Romain Grosjean

Gute Stimmung im Lotus-Lager

Romain Grosjean Lotus F1 Test 2012 Barcelona Foto: xpb 30 Bilder

Mit zwei Barcelona-Bestzeiten hat sich Lotus-Neuzugang Romain Grosjean perfekt auf den Saisonauftakt in Australien vorbereitet. "Ich würde am liebsten direkt Koffer packen", erklärte der Franzose. Die Welt scheint in Ordnung im Lotus-Lager.

Romain Grosjeans erster Auftritt in der Formel 1 im Jahr 2009 dauerte nur sieben Rennen. Ohne einen einzigen WM-Punkt wurde der Franzose nach der Saison vom damaligen Renault-Team aussortiert. Doch der 25-Jährige fand wieder einen Weg nach oben. Nach dem Titel in der GP2 soll 2012 nun endlich der Durchbruch in der Königsklasse gelingen. Der Start bei den Wintertests hätte kaum besser sein können.

Grosjean zufrieden mit Dauerlauf

Schon in Jerez fuhr Grosjean die schnellste Zeit aller Neuwagen-Piloten. Mit zwei Bestzeiten in der letzten Barcelona-Testwoche ließ er erneut aufhorchen. Am Freitag war der Chassisfrust schon wieder vergessen, der dem Team zuvor vier Testtage kostete. Das reparierte Auto lief nach den KERS-Problemen am Vortag wie ein Uhrwerk.

Wichtiger als die Tagesbestzeit auf weichen Reifen und mit wenig Sprit im Tank war aber die Rennsimulation am Nachmittag. Grosjean kam mit drei Boxenstopps über die Distanz und fuhr dabei konstant gute Zeiten. "Das war sehr interessant. Ich habe schon lange nicht mehr so lange im Auto gesessen", blickte der Franzose auf die 66 Runden am Stück zurück.

Lotus besser als Ferrari?

"Wir haben viel gelernt und sind sehr zufrieden mit der Simulation. Das gibt uns Mut für das erste Rennen in Melbourne." Auch über die neuen Reifen konnte Grosjean neue Erkenntnisse gewinnen. "Je nach Fahrstil kann man die Haltbarkeit der Pirellis sehr stark beeinflussen", so die erste Lektion nach den insgesamt 197 Runden von Barcelona.

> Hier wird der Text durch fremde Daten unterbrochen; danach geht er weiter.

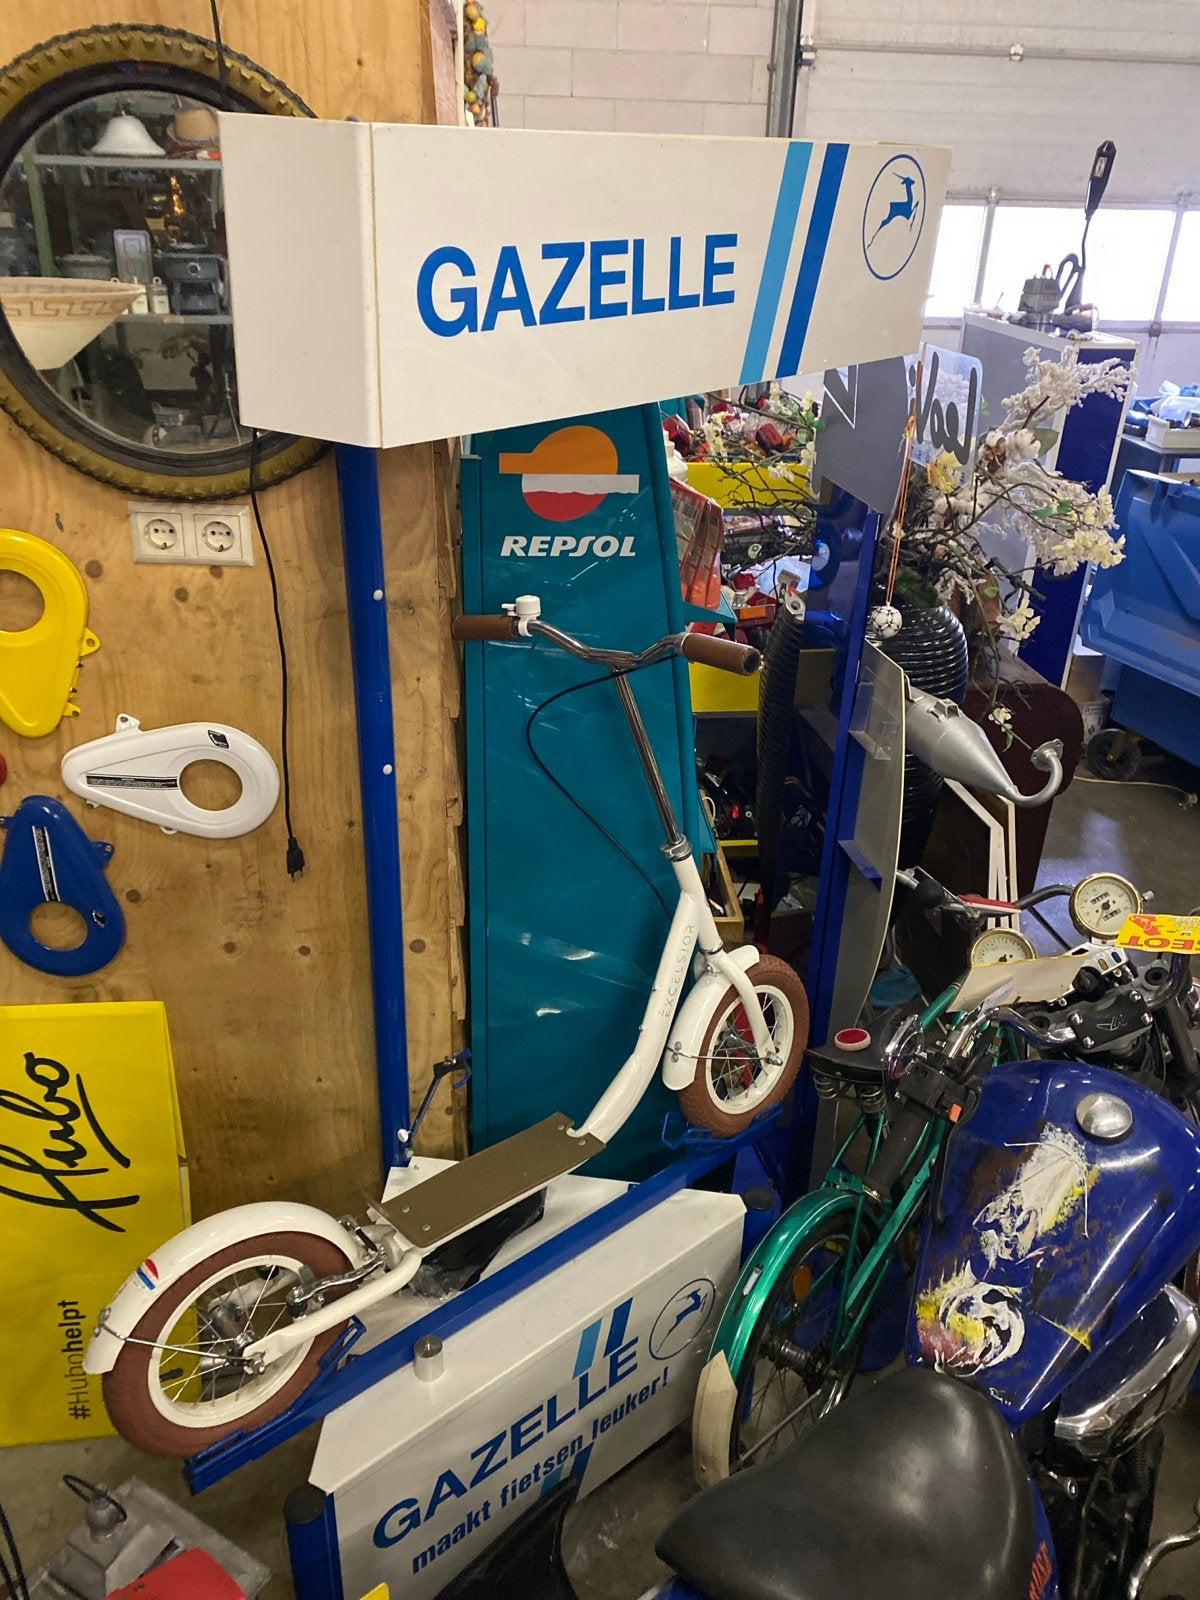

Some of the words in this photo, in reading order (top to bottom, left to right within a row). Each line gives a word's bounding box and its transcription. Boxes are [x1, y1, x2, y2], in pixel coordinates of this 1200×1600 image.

[416, 232, 738, 338] GAZELLE
[500, 535, 636, 558] REPSOL
[658, 925, 695, 1017] EXCELSIOR
[57, 1299, 91, 1420] #Hubohelpt
[372, 1335, 639, 1549] GAZELLE
[412, 1499, 492, 1575] maakt
[499, 1433, 584, 1509] fietsen
[591, 1366, 669, 1441] leuker!

In puncto Reifenverschleiß scheint der Lotus nicht schlecht aufgestellt. Zumindest besser als der Ferrari. "Ich bin mal hinter Fernando Alonso hergefahren. Der war richtig am Kämpfen", grinste Grosjean zufrieden.

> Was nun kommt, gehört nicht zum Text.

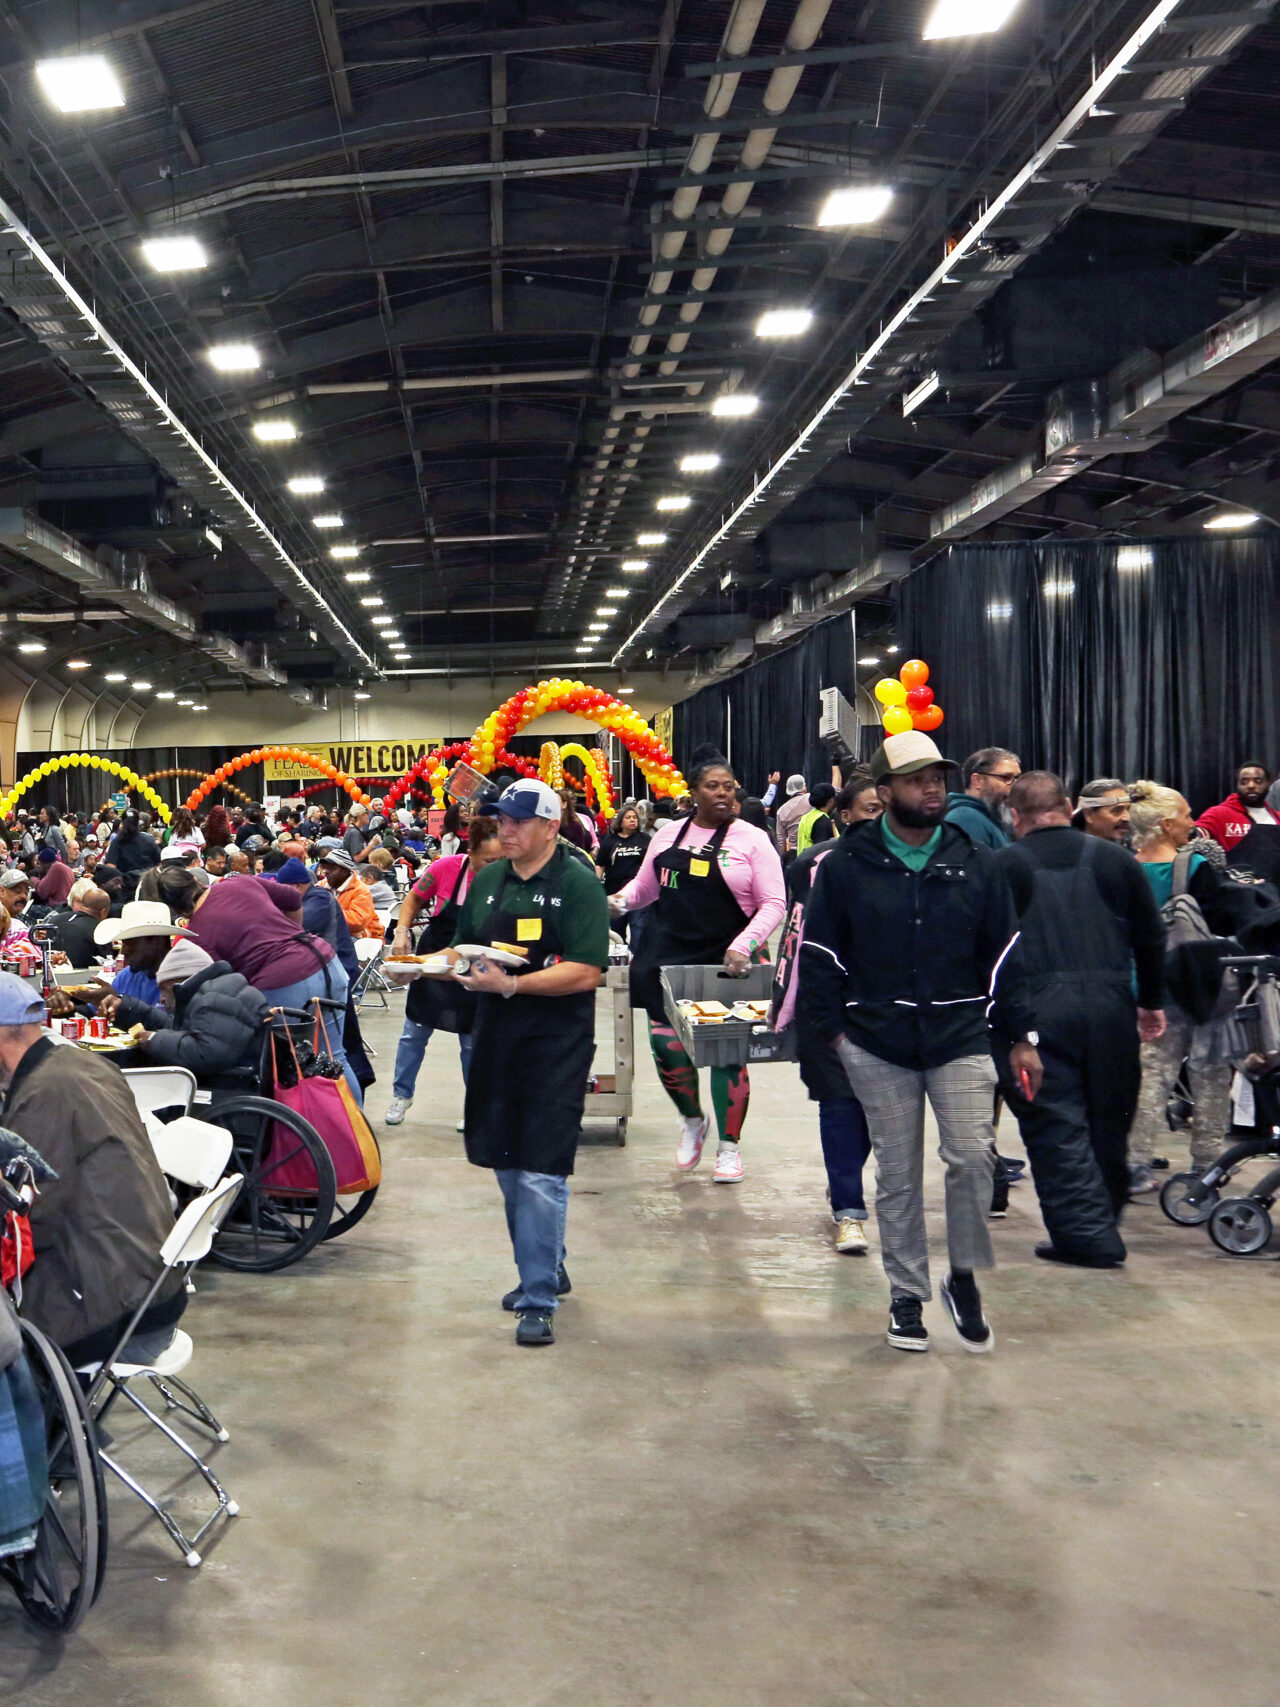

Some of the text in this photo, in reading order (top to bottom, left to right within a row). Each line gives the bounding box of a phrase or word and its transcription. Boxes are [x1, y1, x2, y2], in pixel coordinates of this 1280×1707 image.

[272, 769, 322, 778] OF SHARING
[660, 867, 680, 889] MK

Nur mit der Kommunikation mit seinen neuen Ingenieuren haperte es noch etwas. "Es ist etwas gewöhnungsbedürftig mit einem französischen und einem japanischen Ingenieur, wenn die einem nacheinander aufs Ohr quasseln." Generell fühlt sich Grosjean aber gut gerüstet für den Saisonstart in Australien. "Die Stimmung ist gut. Das Auto sieht gut aus. Ich würde am liebsten direkt die Koffer packen."